The novel details the story of Paul Baumer, barely out of school, who is a German soldier in the war, along with a group of his classmates. Fresh-faced and with the jingoistic narrative of war still echoing in their young minds, this group steps on to the battle field. They are soon acquainted with the realities of combat, shaken out of their senses by the continuous rain of artillery. They are forced to grow into men overnight when they see things that most grown men wouldn’t be able to imagine in their worst nightmares. Baumer begins to lose his classmates as death becomes an everyday occurrence on the front. He finds a companion in the more experienced Kat, a resourceful army veteran who befriends and helps out the inexperienced Paul.

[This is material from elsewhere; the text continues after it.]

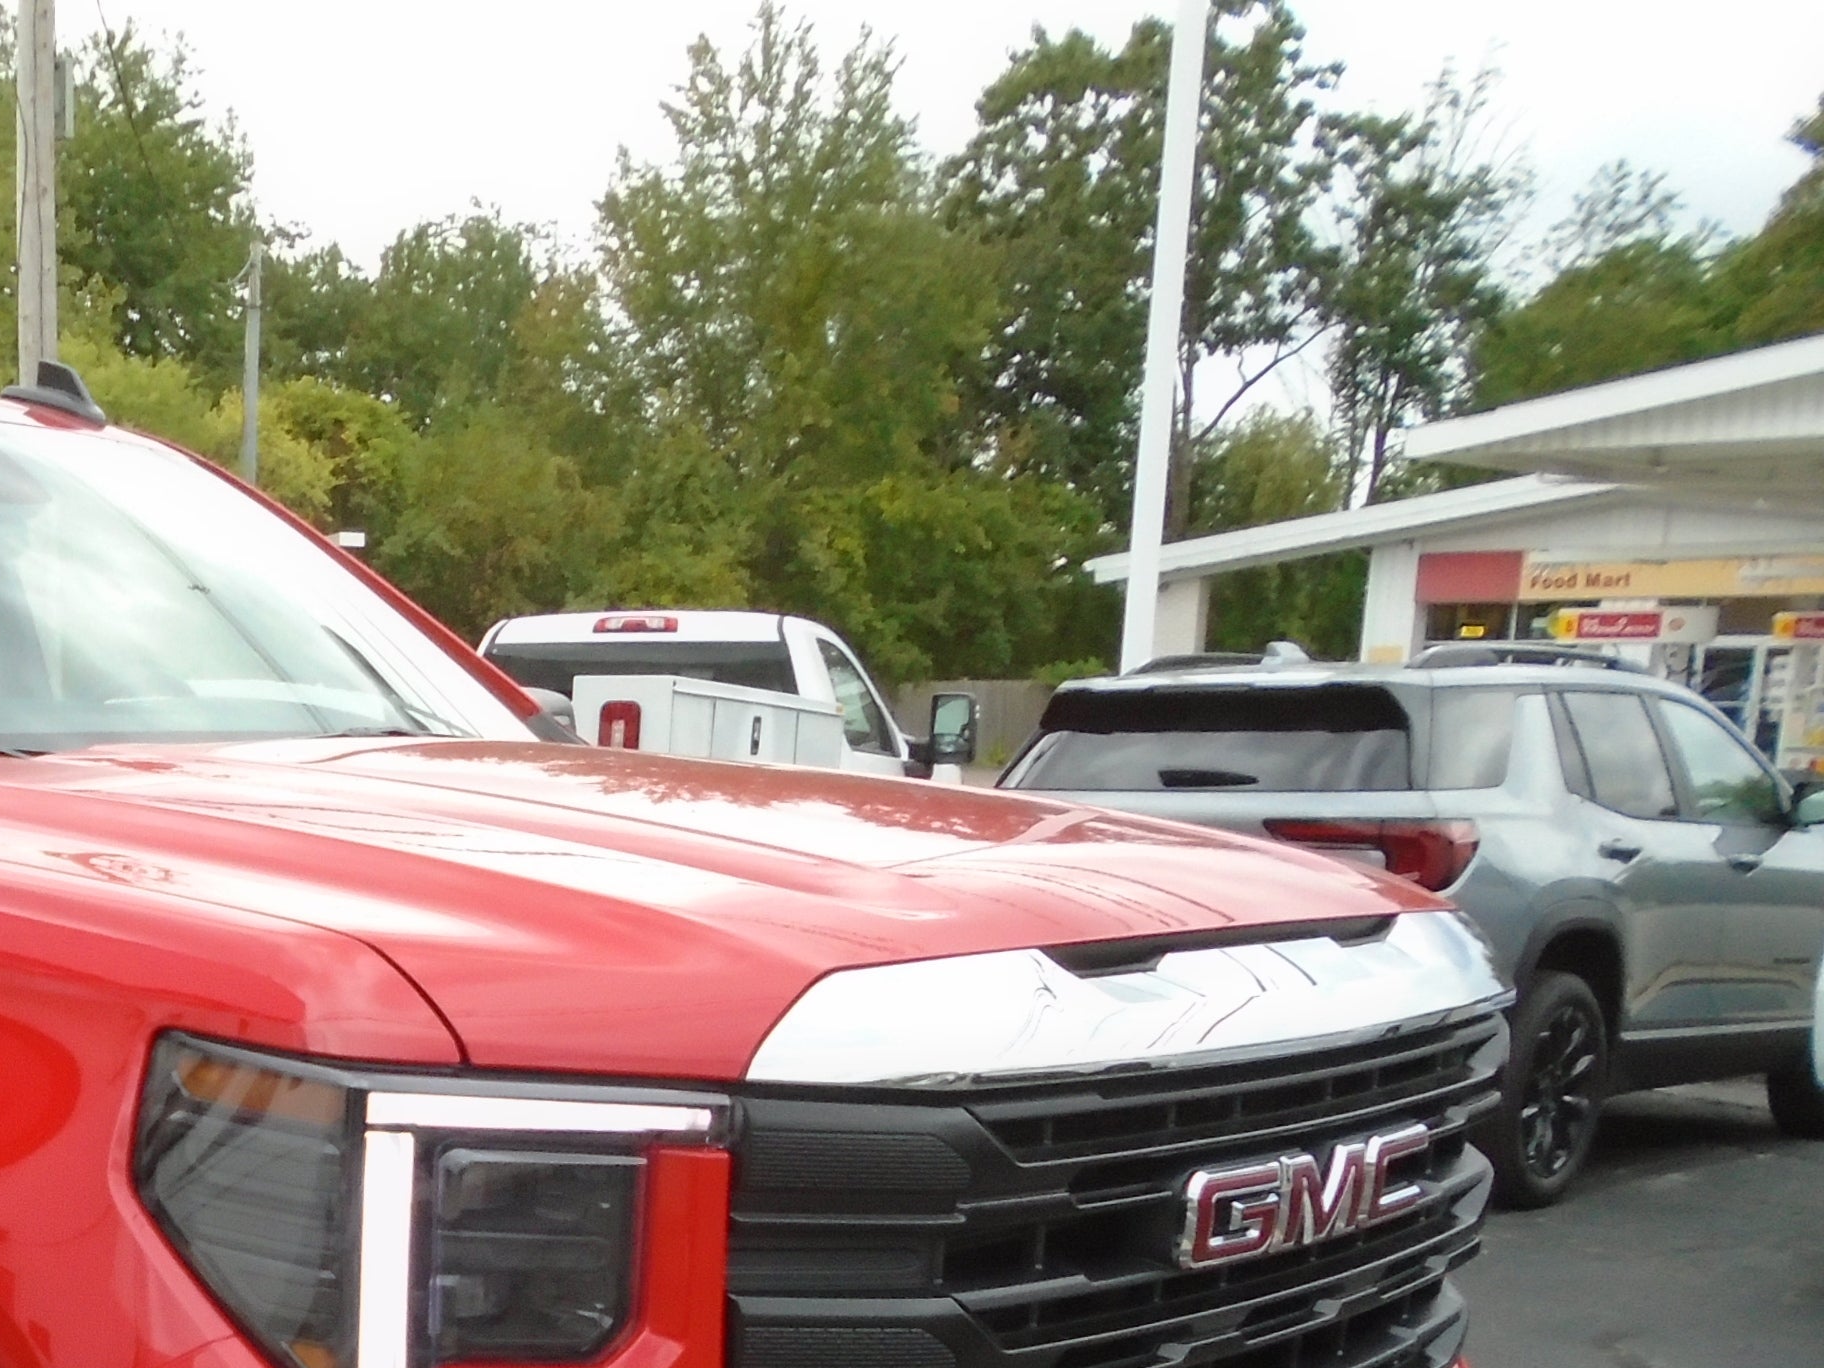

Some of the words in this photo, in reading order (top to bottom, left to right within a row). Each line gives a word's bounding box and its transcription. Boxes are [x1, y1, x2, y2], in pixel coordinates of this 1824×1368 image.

[1530, 573, 1578, 590] Food
[1585, 572, 1630, 588] Mart
[1179, 1123, 1429, 1270] GMC

It is a novel about the violence of war that dehumanizes and the friendships that flourish in the rubble where nothing else can live. Above all it captures the pathos that lies in the disillusionment of youth with life. At an age where their life has barely started, these boys are cut-off from the world. It is impossible for them to imagine a return back to civilian life. The horror of their situation is that despite the desperation to be free of the daily fear that war brings, they cannot imagine a life without war. They feel like old men who have seen more than most do in a life time. All this is a result of being part of an event they don’t fully understand.

Remarque’s writing is simple but not pedestrian. He describes the horrors of war with a detachment and his prose has a touch of the everyday. It is this sense of the routine that enhances the horror of what he describes. The scenes in the trenches and the hospitals are stark and graphic. Remarque leaves the rhetoric of war with no place to hide. The few places where the narrative departs from the war it veers towards the only thing that these soldiers have for company around them- nature. The description of nature, beautiful and haunting, forms a relief to the hell of the trenches overhung with the gloom of death.

All Quiet on the Western Front is a classic. Beautifully translated, it is the product of a writer who is extremely skillful and whose content comes from experience rather than imagination. It is an extremely sensitive work that dismantles the belligerence of the ideology of war without taking a hammer to it.